There are three main components in the Snowflake architecture (assuming AWS as its cloud infrastructure):

  • Database Storage: Snowflake uses Amazon S3 as the file system to store the encrypted, compressed, and distributed data to optimize performance. The data stored in these file systems are not visible to the user and can only be accessed via the SQL interface provided by Snowflake. Snowflake handles all the aspects of the data like metadata, compression, encryption, data storage, statistics, etc.
  • Query Processing: Snowflake has the concept of a virtual warehouse, which are Amazon EC2 clusters that provide compute power to the queries. Each virtual warehouse contains an MPP EC2 compute cluster with multiple nodes to perform quick analysis over data. Snowflake automatically manages the scale up or down of these virtual warehouses on demand and allows you to pause these clusters when not in use.
  • Cloud Services: This layer is a collection of all the services offered by Snowflake. It coordinates and handles services in Snowflake that includes sessions, authentication, metadata management, infrastructure management, SQL compilation, encryption, etc.

Key Features of Snowflake

  • Query Optimization: Snowflake can optimize the query by clustering and partitioning on its own. You don’t need to worry about query optimization.
  • Result Caching: Snowflake works on the caching model so that when the same query is re-issued, it quickly returns the results from the cache. Snowflake uses persisted (within the session) query results to avoid re-generation of the output when nothing has changed.
  • Secure Data Sharing: Secure data sharing enables account-to-account sharing of data through Snowflake database tables, views, and UDFs.
  • Support for Different File Formats:  Snowflake allows you to import semi-structured data such as JSON, Avro, ORC, Parquet, and XML data. It provides a particular column type, VARIANT, which allows you to store semi-structured data.
  • Standard and Extended SQL Support: Snowflake has excellent support for ANSI SQL and supports advanced SQL functionality like merge, lateral view, statistical functions, and many more.
  • Fault-Tolerant: Snowflake provides exceptional fault-tolerant capabilities to recover the Snowflake object (tables, views, database, schema, etc.) in case of failure.

Introduction to Database

A database controls and organizes structured information or data with the help of a database management system (DBMS). The database allows you to easily access, monitor, organize, and manage the data. A large number of databases use structured query language (SQL) for writing and querying data. Snowflake is a data warehouse that is used to manage and analyze data from different sources. The key differences between database and data warehouse are as follows:

  1. The database is typically used to store or record the data, whereas a data warehouse is designed to analyze the data with the help of its programming interface. In the case of Snowflake, SQL is used to perform complex calculations.
  2. The database is application-oriented and is used based on the application, whereas, a data warehouse is a subject-oriented collection of data.
  3. The database uses Online Transactional Processing (OLTP), whereas the data warehouse uses Online Analytical Processing (OLAP).
  4. The database is designed to hold the data up to gigabytes, whereas data warehouses can store data up to terabytes.
  5. The database is used for query processing, whereas a data warehouse is used when there is a need for data analytics and decision making.

Need for Database

In the relational world, databases organize and manage database objects like tables, views, etc. Snowflake is a fully managed data warehouse that manages data centrally to perform faster analysis. In Snowflake, schema organizes the data stored in Snowflake, whereas the database logically groups the data. In contrast, schema logically arranges the database object like tables, views, etc. In Snowflake, the database and schema together comprise namespace. A namespace is explicitly required when you want to execute any operation on Snowflake. If the schema and database are already selected, then this parameter is optional.

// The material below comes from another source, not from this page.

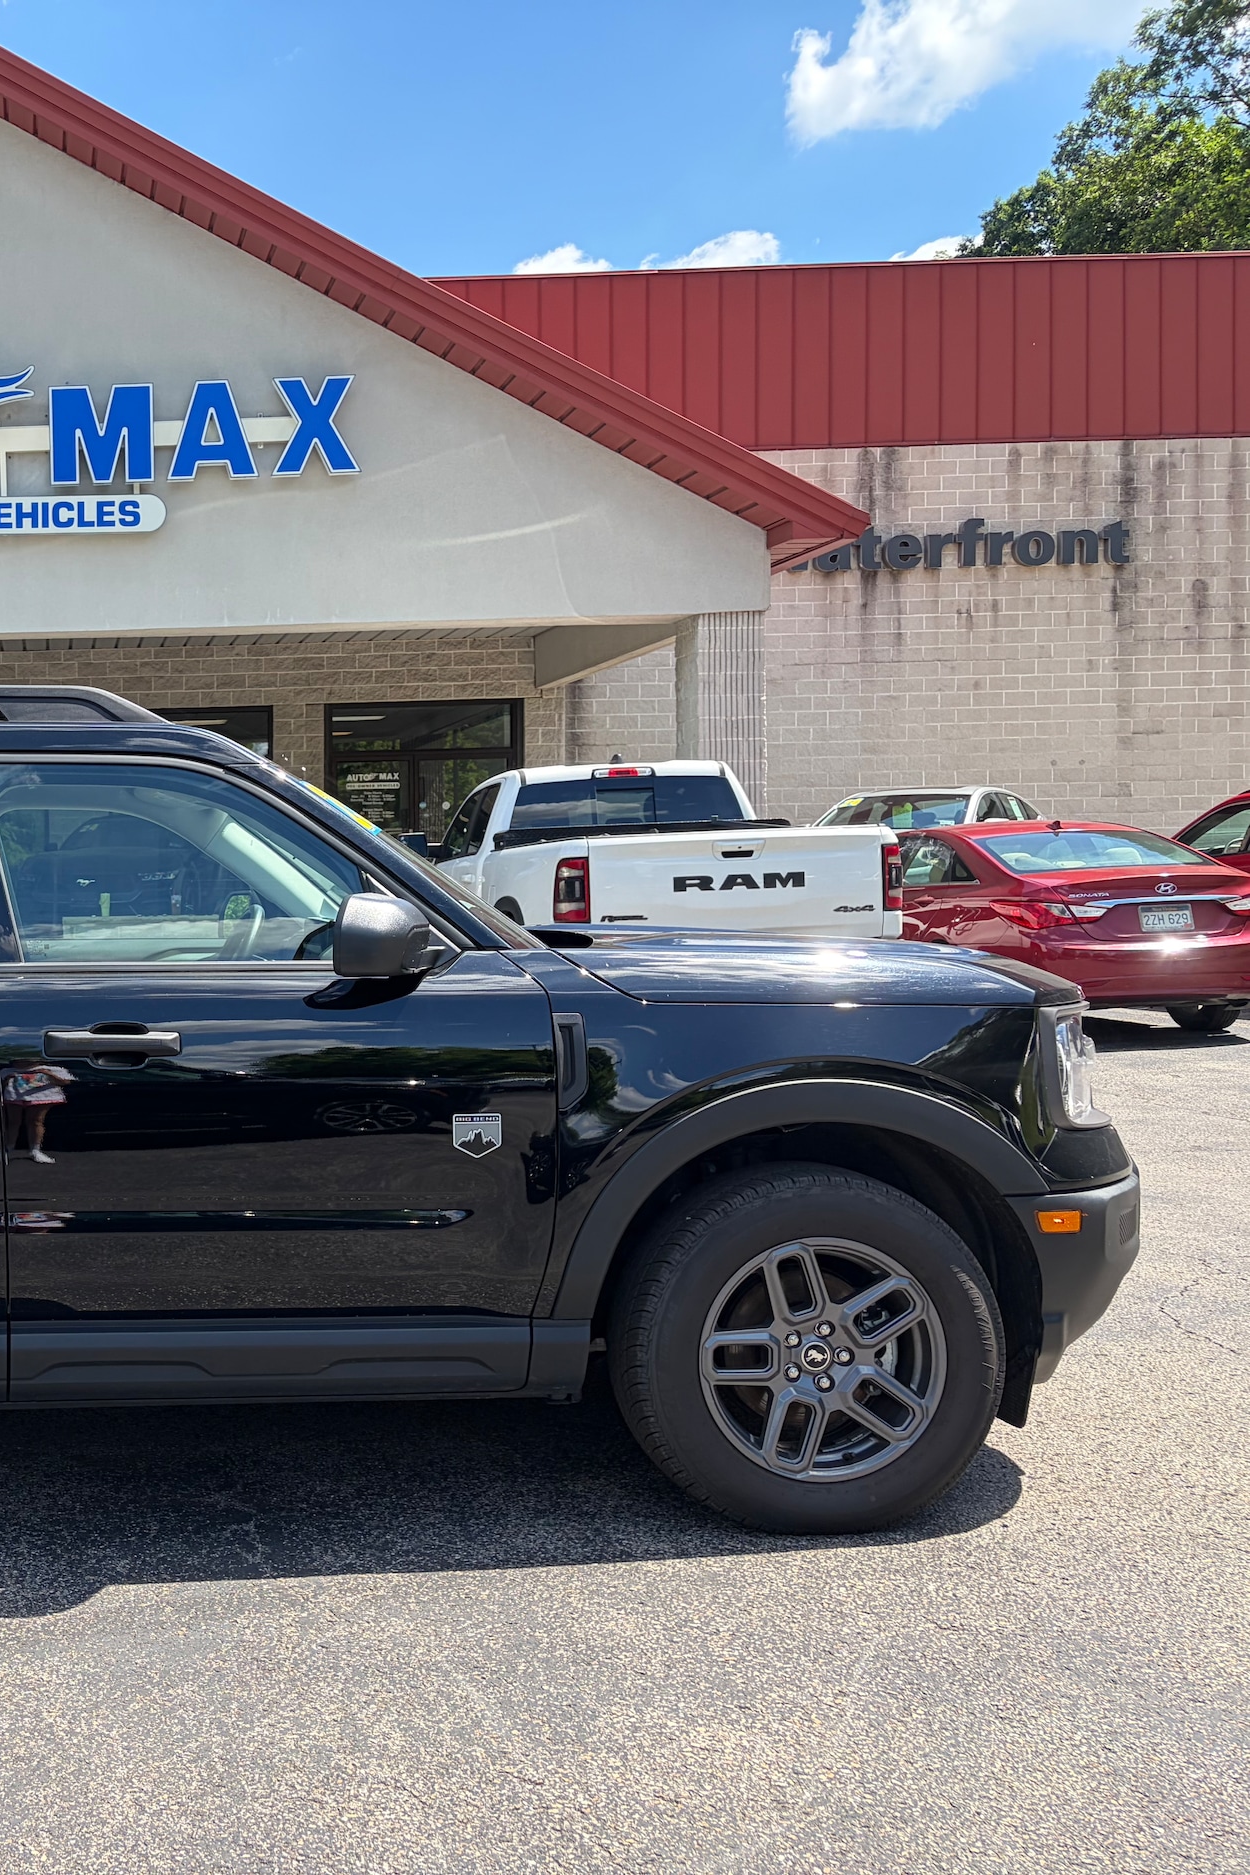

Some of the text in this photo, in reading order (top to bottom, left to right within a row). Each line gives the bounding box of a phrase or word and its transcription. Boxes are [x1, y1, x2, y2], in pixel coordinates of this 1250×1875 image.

Hevo Data: An Alternative Approach to Load Data in Snowflake

Hevo is a No-code Data Pipeline. It can efficiently load data in Snowflake in a few simple steps. It is a fully automated platform and it completely automates the process of data migration.

GET STARTED WITH HEVO FOR FREE

Let’s see some unbeatable features of Hevo Data:

  1. Fully Managed: Hevo Data is a fully managed service and is straightforward to set up.
  2. Pre-Built Integrations: Hevo Data has various connectors incorporated with it, which can connect to multiple sources with ease. 
  3. Schema Management: Hevo Data automatically maps the source schema to perform analysis without worrying about the changing schema.
  4. Real-Time: Hevo Data works on the batch as well as real-time data transfer so that your data is analysis-ready always.  
  5. Advanced Monitoring: Hevo Data offers advanced monitoring that gives you a one-stop view to watch all the activities that occur within pipelines.
  6. Live Support: With 24/7 support, Hevo provides customer-centric solutions to the business use case.

Simplify your Data Analysis with Hevo today! 

SIGN UP HERE FOR A 14-DAY FREE TRIAL!

Snowflake Create Database Command

Let’s understand the semantics of creating databases in Snowflake. The create database command creates a new database in the system as well as can be used:

  1. To clone the existing database.
  2. To create a database from another Snowflake account.
  3. To create a replica of the current database.

Let’s learn about the various syntax of Snowflake create database command:

  1. The Syntax for Standard Database
  2. The Syntax for Shared Database
  3. The Syntax for Database Replication

1. The Syntax for Standard Database

Snowflake Create Database: Standard Database
  • <name>: Specifies the case-sensitive unique identifier name for the database.
  • TRANSIENT: Specifies a transient (temporary) database. It is not fail-safe and is session-based. Once you terminate the session, complete data, i.e., tables, views, objects, are wiped out.
  • CLONE: This is used to create the clone of the existing database.
  • AT | BEFORE ( TIMESTAMP | OFFSET | STATEMENT ): When cloning a database, “AT | BEFORE”  specifies time travel to the clone database at or before a specific period in the past.
  • DATA_RETENTION_TIME_IN_DAYS: The default value is 1 (Standard database), and it specifies the period to retain the objects created in the database.
  • COMMENTS: It specifies an explanation for the database. 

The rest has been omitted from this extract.